An instrumental obsession

Published 3:01 pm Monday, January 24, 2011

Ben Seymour plays a tune on one of the many dulcimers he’s constructed in his backyard workshop. (photo by Samantha Hurst)

Ben Seymour suffers from “instrument acquisition syndrome.”
Hundred-year-old restored guitars hang from his walls. Patterns and stacks of wood lying in wait to create dulcimers and mandolins cover his workshop.
“I don’t have a living room, we just have instruments everywhere – they are falling out in the floor,” he said.
Seymour’s drawn to every detail – the precise shape and curve of the wood, the tension of strings, the historic materials used to craft each piece.
“It’s basically just an attraction to music,” Seymour said.
Seymour sat down for his first piano lesson when he was 6 years old. He danced his fingers across the piano for 13 years, but said later in his teen years it was hard picking up girls playing the piano.
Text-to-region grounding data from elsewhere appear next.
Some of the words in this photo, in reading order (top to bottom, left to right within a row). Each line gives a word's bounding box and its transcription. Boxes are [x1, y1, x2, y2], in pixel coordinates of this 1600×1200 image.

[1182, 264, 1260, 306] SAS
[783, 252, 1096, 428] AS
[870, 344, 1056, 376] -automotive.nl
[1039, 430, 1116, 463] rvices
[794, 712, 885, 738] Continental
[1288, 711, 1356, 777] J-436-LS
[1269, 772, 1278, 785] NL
Seymour said you could, however, hit on girls with a guitar slung around your back.
At 17, he picked up his first guitar and began what grew to be a lifelong love of music.
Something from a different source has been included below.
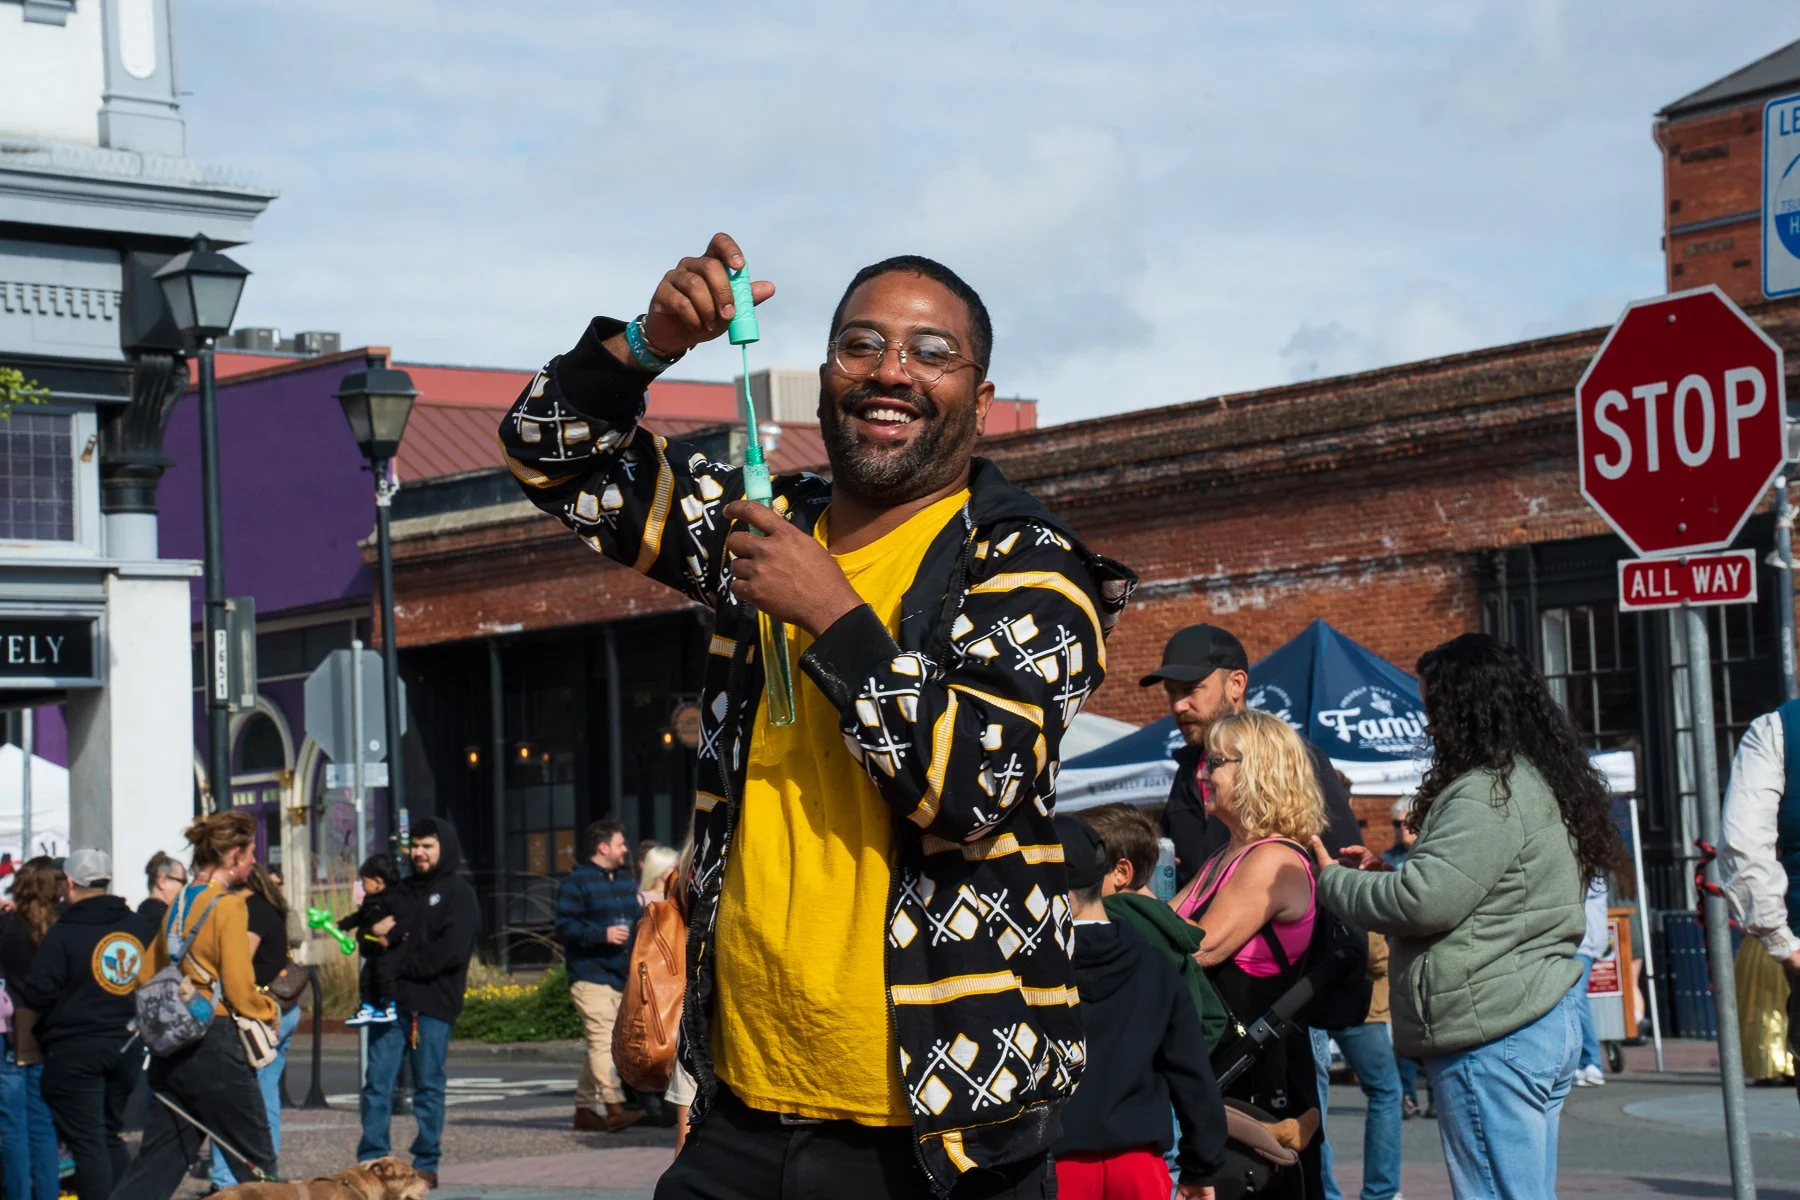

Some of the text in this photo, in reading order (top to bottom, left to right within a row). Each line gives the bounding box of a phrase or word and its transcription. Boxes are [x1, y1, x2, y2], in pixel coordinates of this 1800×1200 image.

[1779, 106, 1800, 136] LE
[1594, 366, 1767, 480] STOP
[1631, 563, 1742, 598] ALL WAY
[0, 635, 65, 664] ELY
After high school, Seymour moved to Knoxville to attend the University of Tennessee. It was there he met the other love of his life, Becky Cleland, in philosophy of esthetics, an art class.
Cleland said his personality was infectious.
“Ben is so gregarious and fun, everybody loves him the moment they meet him and I think that has helped him so much along the way,” Cleland said.
Eventually, through his brother Wayne, who is also deeply entwined with the music community, Seymour crossed paths with well-known dulcimer player Lois Hornbostle.
The two enthusiastically traded talents.
Seymour taught her the art of stained glass – his and his wife’s profession at the time in Hendersonville – while Hornbostle taught him to play the dulcimer.
Seymour found himself immediately attracted to the unique drones emitting from the dulcimer. He said it has a particular timbre unlike any other instrument.
Dulcimers have a poor reputation as items sold at craft shows, Seymour said, where many people hear, “Oh, anybody can play the dulcimer.” He refers to the “dulcimers” sold at these events as DSOs or dulcimer–shaped objects; better used as wall art.
While he doesn’t think accessibility of music is ever a bad thing, he said the dulcimer’s reputation leads many to ignore the complex sounds one can produce with the instrument.
“There is so much more you can do with a dulcimer,” Seymour said. “Playing across the notes, you’re playing lead lines – you can hang with the big boys, so to speak.”
The Green Creek musician and luthier (someone who creates and repairs stringed instruments) began playing with the big boys decades ago – he started constructing dulcimers and guitars in 1982.
He’s created Paraguayan harps, travel guitars, mandolins, custom ukuleles and Irish bouzoukis, which are, as Seymour calls them, “mandolins on steroids.”
He’s hewn cherry dulcimers and a dulcimer with a Pasimasquaddy inlay.
His skill in constructing increasingly rare instruments quickly grasped the attention of fellow musicians around the world and allows him to champion not only dulcimers but a variety of nearly forgotten instruments.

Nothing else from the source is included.